通过 setitimer 系统调用,可以每经过一段物理时间,向进程发送一次信号,然后进程收到信号后去处理。

这是在 go 1.18 以前的性能分析方式,async profiler 同样也是如此:

// Enable the Go signal handler if not enabled.
if atomic.Cas(&handlingSig[_SIGPROF], 0, 1) {
  h := getsig(_SIGPROF)
  // If no signal handler was installed before, then we record
  // _SIG_IGN here. When we turn off profiling (below) we'll start
  // ignoring SIGPROF signals. We do this, rather than change
  // to SIG_DFL, because there may be a pending SIGPROF
  // signal that has not yet been delivered to some other thread.
  // If we change to SIG_DFL when turning off profiling, the
  // program will crash when that SIGPROF is delivered. We assume
  // that programs that use profiling don't want to crash on a
  // stray SIGPROF. See issue 19320.
  // We do the change here instead of when turning off profiling,
  // because there we may race with a signal handler running
  // concurrently, in particular, sigfwdgo may observe _SIG_DFL and
  // die. See issue 43828.
  if h == _SIG_DFL {
   h = _SIG_IGN
  }
  atomic.Storeuintptr(&fwdSig[_SIGPROF], h)
  setsig(_SIGPROF, abi.FuncPCABIInternal(sighandler))
}

var it itimerval
it.it_interval.tv_sec = 0
it.it_interval.set_usec(1000000 / hz)
it.it_value = it.it_interval
setitimer(_ITIMER_PROF, &it, nil)

而在 datadog python 中,情况又不太一样,

python 会有一个单独的 collector。每隔一段时间获取所有运行的 threadid,然后通过系统调用去获取 threadid 的 cpu 使用时间。

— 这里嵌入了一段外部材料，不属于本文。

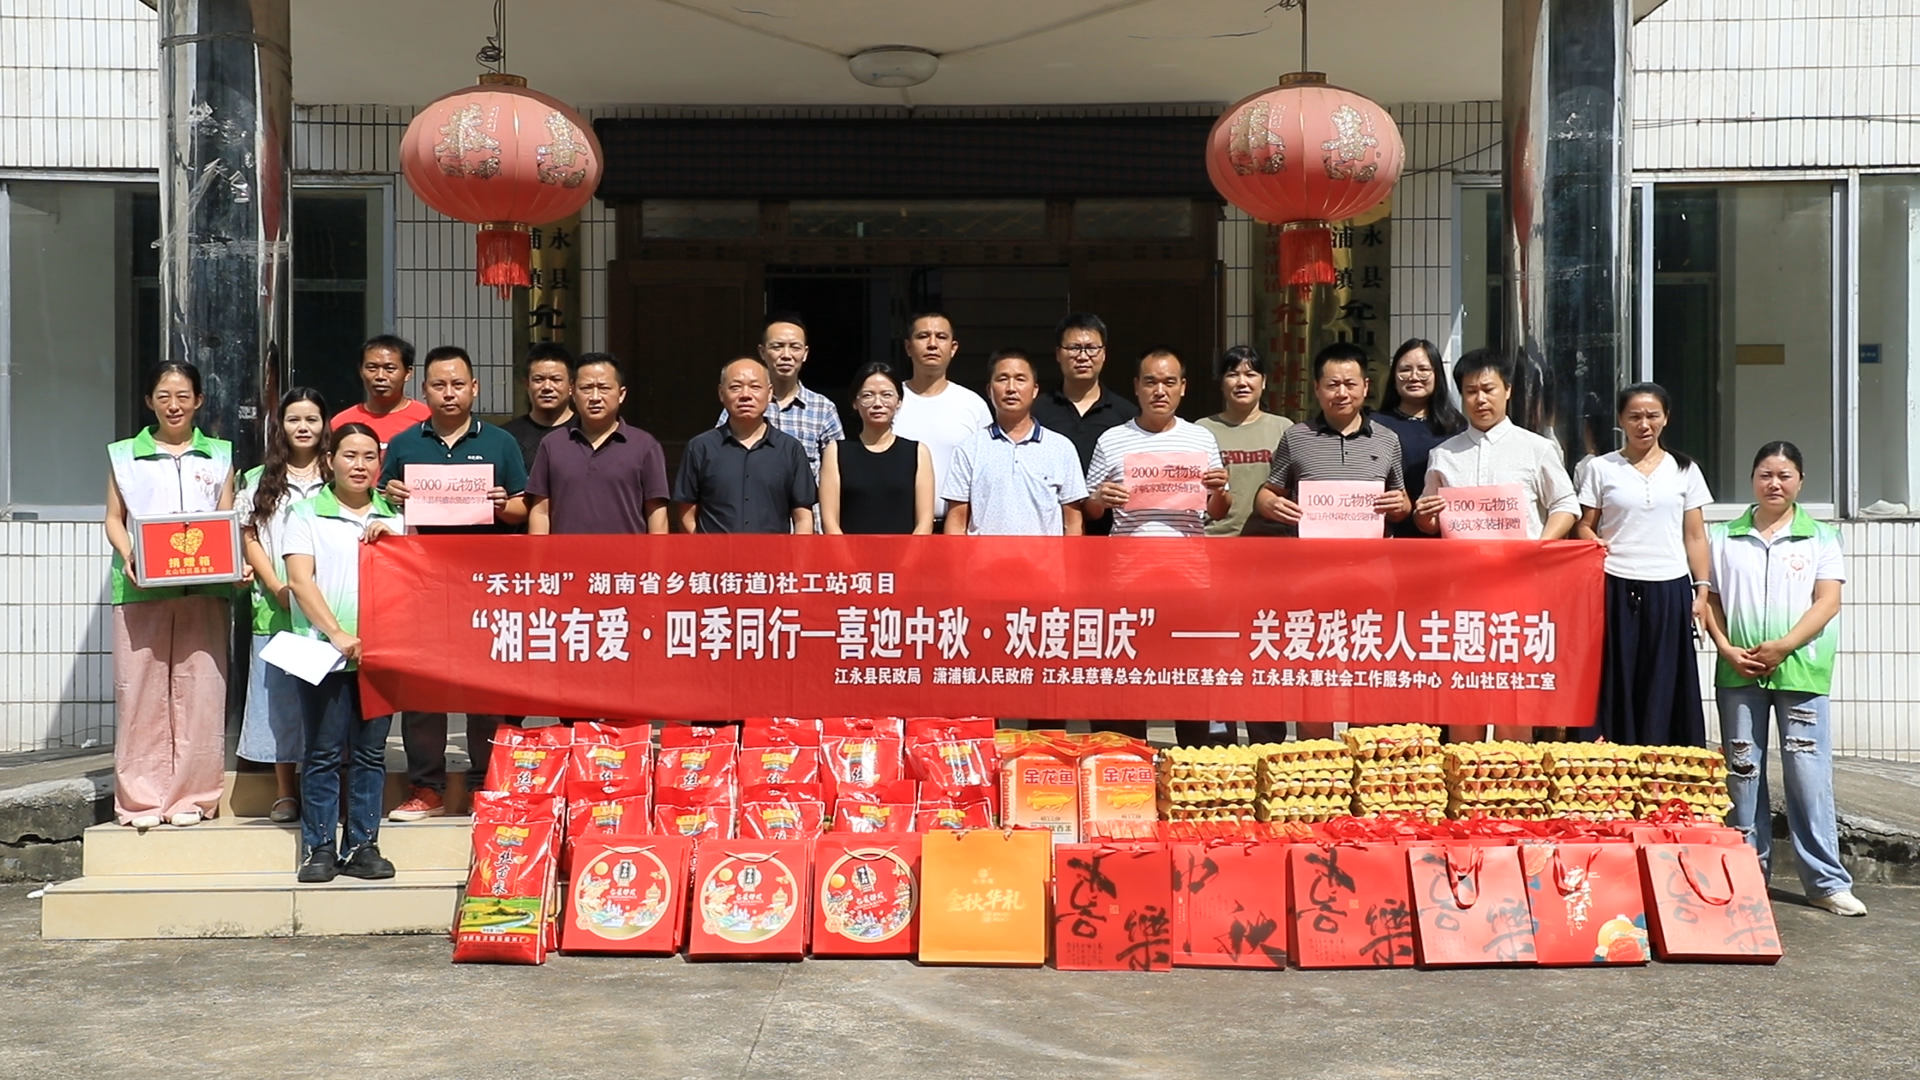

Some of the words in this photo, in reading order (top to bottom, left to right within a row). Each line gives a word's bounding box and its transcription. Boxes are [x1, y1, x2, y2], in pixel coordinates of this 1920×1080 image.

[549, 228, 571, 291] 永县
[1361, 225, 1384, 290] 永县
[168, 556, 211, 568] 捐赠箱
[472, 572, 574, 596] “禾计划”
[588, 571, 895, 595] 湖南省乡镇(街道)社工站项目
[834, 667, 921, 685] 江永县民政局
[932, 667, 1034, 685] 潇浦镇人民政府
[1042, 667, 1244, 686] 江永县慈善总会允山社区基金会
[1251, 668, 1443, 688] 江永县永惠社会工作服务中心
[1450, 671, 1557, 691] 允山社区社工室
[1023, 768, 1074, 785] 金龙鱼
[1102, 767, 1154, 784] 金龙鱼
[492, 847, 515, 897] 丝苗米
[946, 887, 1027, 913] 金秋华礼

为了避免收集线程数过多,python 会限制 collect 运行的 wall time, 不超过百分之多少的系统运行时间。

perf event open

为每个线程设置 perf_event_open:

通过 perf_event_open 打开 fd。

通过 mmap open 读取文件缓冲区的文件。

通过 fcntl(fd, F_SETSIG, _signal), 设置 fd 准备好的时候所发送的信号。

设置 wakeup_events 为 1,每收集 1 个 event,即产生信号。

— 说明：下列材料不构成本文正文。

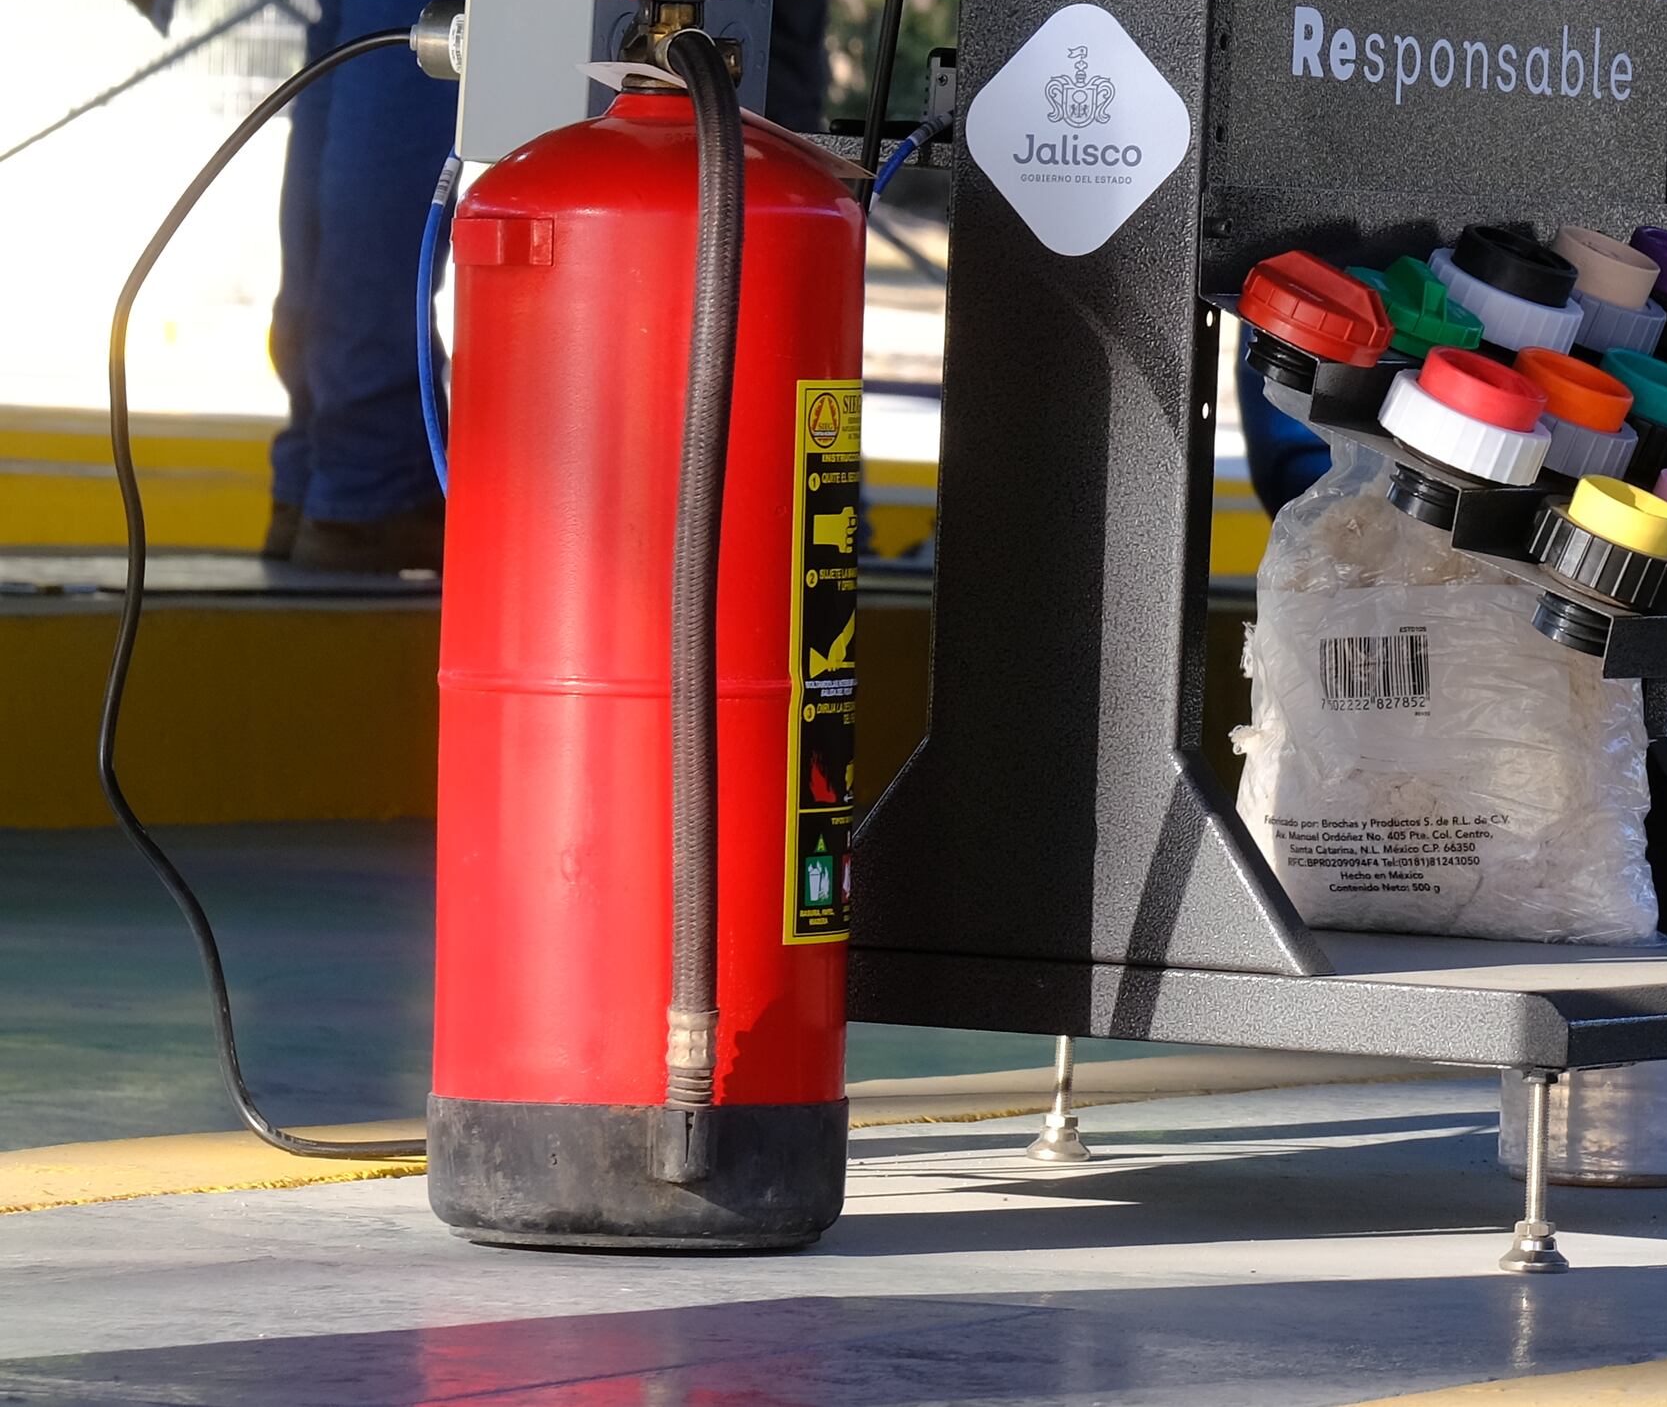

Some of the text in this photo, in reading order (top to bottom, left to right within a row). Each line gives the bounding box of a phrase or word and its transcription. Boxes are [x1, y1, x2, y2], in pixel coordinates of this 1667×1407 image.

[1292, 6, 1633, 105] Responsable
[1013, 134, 1142, 167] Jalisco
[1020, 173, 1132, 184] GOBIERNO DEL ESTADO
[1376, 696, 1426, 710] 827852
[1301, 820, 1319, 830] por:
[1321, 819, 1359, 829] Brochas
[1362, 821, 1368, 830] y
[1370, 818, 1420, 828] Productos
[1423, 816, 1434, 826] S.
[1436, 815, 1449, 826] de
[1452, 815, 1471, 825] R.L.
[1474, 815, 1488, 825] de
[1490, 814, 1511, 825] C.V.
[1288, 831, 1319, 841] Manuel
[1322, 832, 1363, 842] Ordóñez
[1366, 832, 1385, 841] No.
[1387, 831, 1406, 841] 405
[1409, 830, 1430, 840] Pte.
[1432, 830, 1452, 840] Col.
[1455, 829, 1494, 840] Centro,
[1290, 842, 1476, 855] Santa Catarina, N.L. México C.P. 66350
[1340, 870, 1424, 881] Hecho en México
[1329, 882, 1441, 894] Contenido Neto: 500 g
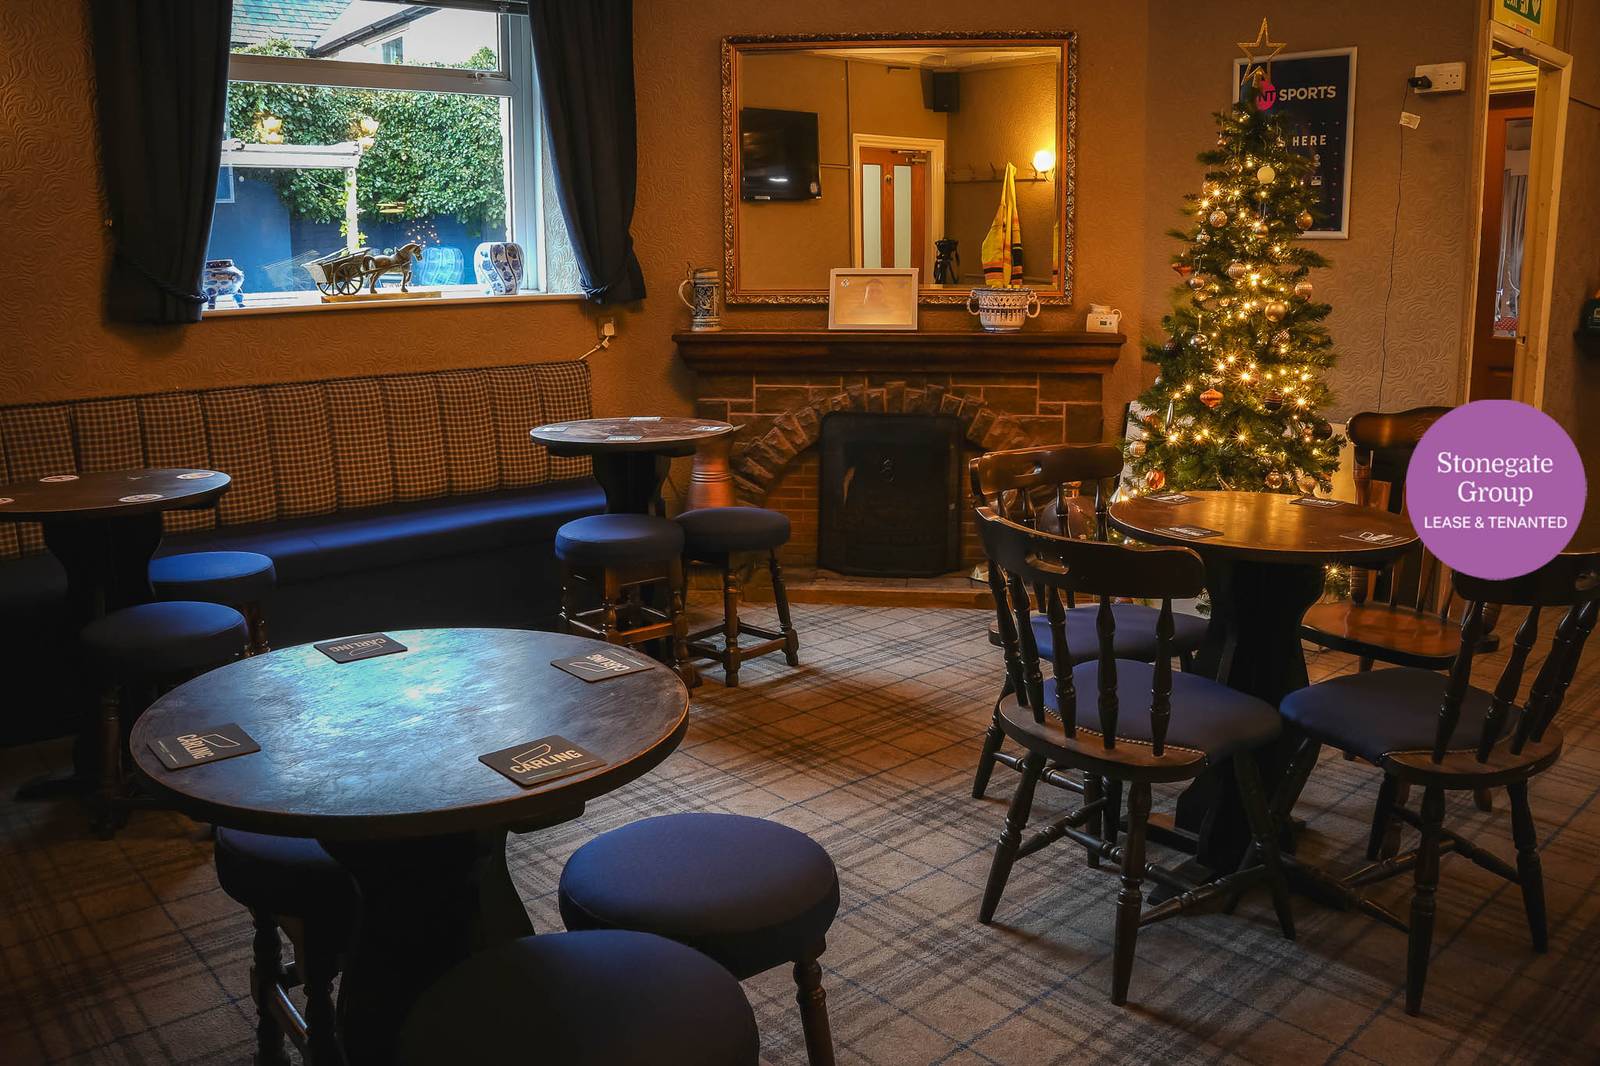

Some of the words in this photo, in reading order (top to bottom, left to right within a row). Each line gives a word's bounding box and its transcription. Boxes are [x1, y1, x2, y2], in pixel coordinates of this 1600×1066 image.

[1279, 86, 1336, 101] SPORTS
[1292, 135, 1327, 147] HERE
[328, 638, 386, 652] CARLING
[177, 734, 214, 759] CARLING
[510, 750, 583, 773] CARLING

注册信号回调函数,通过 sighandler 记录函数栈。

结束后通过 ioctl 去刷新 fd。

void PerfEvents::signalHandler(int signo, siginfo_t* siginfo, void* ucontext) {
    if (siginfo->si_code <= 0) {
        // Looks like an external signal; don't treat as a profiling event
        return;
    }

    if (_enabled) {
        u64 counter = readCounter(siginfo, ucontext);
        ExecutionEvent event;
        Profiler::instance()->recordSample(ucontext, counter, PERF_SAMPLE, &event);
    } else {
        resetBuffer(OS::threadId());
    }

    ioctl(siginfo->si_fd, PERF_EVENT_IOC_RESET, 0);
    ioctl(siginfo->si_fd, PERF_EVENT_IOC_REFRESH, 1);
}

事实上,该过程完全不需要 mmap 中的数据。

我们仅仅是通过 perf_event_open 为一个 event 设置一个溢出时候的信号处理。

获取到信号的时候再去进行堆栈展开。

相比较通过 sighandler 进行处理的形式,通过 poll 轮训文件,从 mmap 中进行读取更为有效。

stackoverflow.com/questions/7…

package main

import (
    "encoding/binary"
    "fmt"
    "os"
    "runtime"
    "sync/atomic"
    "syscall"
    "unsafe"

    "golang.org/x/sys/unix"
)

func main() {
    // Open output file
    file, err := os.Create("perf.data")
    if err != nil {
       fmt.Printf("Error creating perf.data: %v\n", err)
       return
    }
    defer file.Close()

    // Define perf event attributes
    attr := unix.PerfEventAttr{
       Type:        unix.PERF_TYPE_SOFTWARE,
       Config:      unix.PERF_COUNT_SW_CPU_CLOCK,
       Size:        uint32(unsafe.Sizeof(unix.PerfEventAttr{})),
       Sample:      100,
       Bits:        unix.PerfBitFreq | unix.PerfBitComm,
       Sample_type: unix.PERF_SAMPLE_IP,
       Wakeup:      1,
    }

    // Open perf event for each CPU
    for i := 0; i < runtime.NumCPU(); i++ { // Adjust the CPU range as needed
       fd, err := unix.PerfEventOpen(&attr, -1, 1, -1, unix.PERF_FLAG_FD_CLOEXEC)
       if err != nil {
          fmt.Printf("Error opening perf event for CPU %d: %v\n", i, err)
          return
       }

       // Enable the counter for the event
       if _, _, errno := syscall.Syscall(unix.SYS_IOCTL, uintptr(fd), unix.PERF_EVENT_IOC_ENABLE, 0); errno != 0 {
          fmt.Printf("Error enabling perf event for CPU %d: %v\n", i, err)
          return
       }

       ring, err := unix.Mmap(fd, 0, (1+128)*unix.Getpagesize(), unix.PROT_READ|unix.PROT_WRITE, unix.MAP_SHARED)
       if err != nil {
          panic(err)
       }

       meta := (*unix.PerfEventMmapPage)(unsafe.Pointer(&ring[0]))
       fmt.Println(meta.Data_offset, meta.Data_size)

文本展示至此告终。